Farewell, My Queen Reviews

  • Farewell, My Queen was shot in Versailles, but its flat schematism only highlights that the backdrops had a better story to tell.

    Owen Gleiberman — Entertainment Weekly

  • Benoit Jacquot's tense, absorbing, pleasurably original look at three days in the life and lies of a doomed monarch ...

    Manohla Dargis — New York Times

  • Deftly captures the sense of impending revolution from within the mirrored halls of Versailles.

    Claudia Puig — USA Today

  • The foreboding and chaos contrast neatly with the lavish costumes and sets.

    Stephanie Merry — Washington Post

  • The guillotine's blade is, as yet, nowhere to be heard. But you can feel Jacquot's pleasure is slicing and dicing this material in novel ways.

    Mark Feeney — Boston Globe

  • The pleasure of Jacquot's film is in watching various strains of discreet, heated, and deluded passionate attachment performed.

    Melissa Anderson — Village Voice

  • Think of it as eating a rather rich piece of cake - even if the real Marie Antoinette never actually did suggest anything of the kind.

    Elizabeth Weitzman — New York Daily News

  • It's a strangely unsatisfying combination of bloodless observations and unresolved sexuality. But Diane Kruger's queen, a mature beauty mourning the loss of her youth, is a vivid portrait of willfulness, childishness and genuine neediness.

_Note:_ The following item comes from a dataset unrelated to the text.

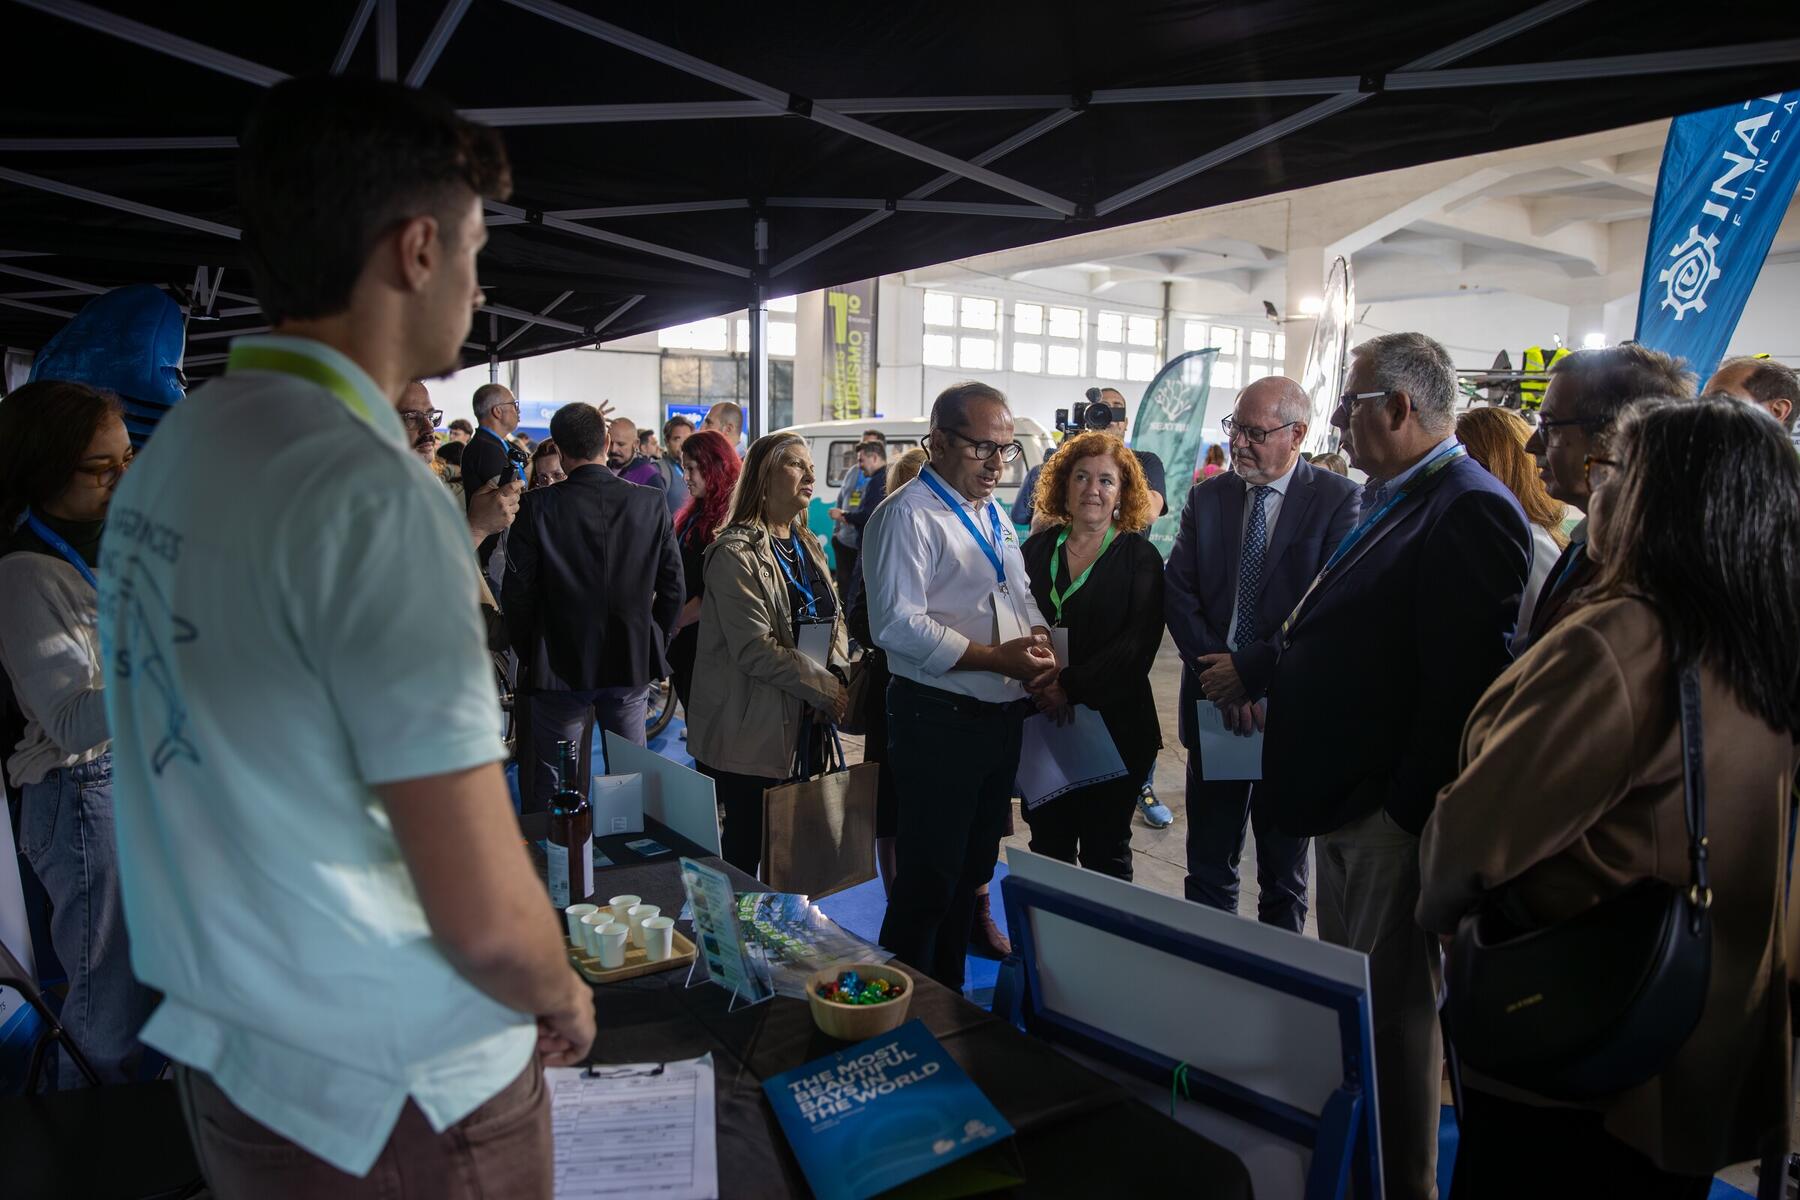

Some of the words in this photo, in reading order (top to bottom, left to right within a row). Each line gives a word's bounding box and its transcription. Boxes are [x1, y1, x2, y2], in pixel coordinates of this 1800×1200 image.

    Joe Morgenstern — Wall Street Journal

  • Jacquot gazes avidly at this closed-in world of women; if his camera pressed any closer to them, it would be subcutaneous.

    Richard Brody — New Yorker

  • Benoit Jacquot's engrossing film tells a story we know well, seen from a point of view we may not have considered.

    Roger Ebert — Chicago Sun-Times

  • Jacquot takes a refreshingly understated approach to costume drama, avoiding historical generalizations to focus on the particulars of palace life and the psychological states of individual characters.

    Ben Sachs — Chicago Reader

  • Although it was shot at Versailles, and its actors are dressed to the 18th-century nines, Farewell, My Queen has a loose, reportorial intimacy about it.

    Steven Rea — Philadelphia Inquirer

  • As we follow her through the monarchy's abrupt collapse, "Farewell, My Queen" gives us intimate, unflaggingly energetic history as seen from the servants' quarters.

    Colin Covert — Minneapolis Star Tribune

  • A well-observed but emotionally muted costume drama.

    Justin Chang — Variety

  • Jacquot's lavish decor and costumes are like the perfume the women use instead of bathing: They may cover up the willful carelessness at the center of the project, but it's still there.

    Kyle Smith — New York Post

  • Jacquot has chosen wisely in casting Lea Seydoux in the key role of Sidonie, whose luminous but watchful eyes suggest a soul wise beyond her years.

    Bruce Demara — Toronto Star

  • Historical drama set in the early days of the French revolution is intelligent Euro eye candy at its most lavish.

    Deborah Young — Hollywood Reporter

  • Matching the strength of these actresses and their personal drama is the film's masterful sense of time and place - the way it makes us feel that this was how it was during four pivotal days in July 1789 as the wheels came off the French monarchy.

    Kenneth Turan — Los Angeles Times

  • Farewell, My Queen is a knife-edge drama that steadily builds tension that at times becomes as unbearably tense as the relationship between the three leading ladies.

    FILMINK (Australia)

  • Sidonie is a character who literally eavesdrops on history, becoming the audience's first-person yet second-hand source for such significant events as the storming of the Bastille...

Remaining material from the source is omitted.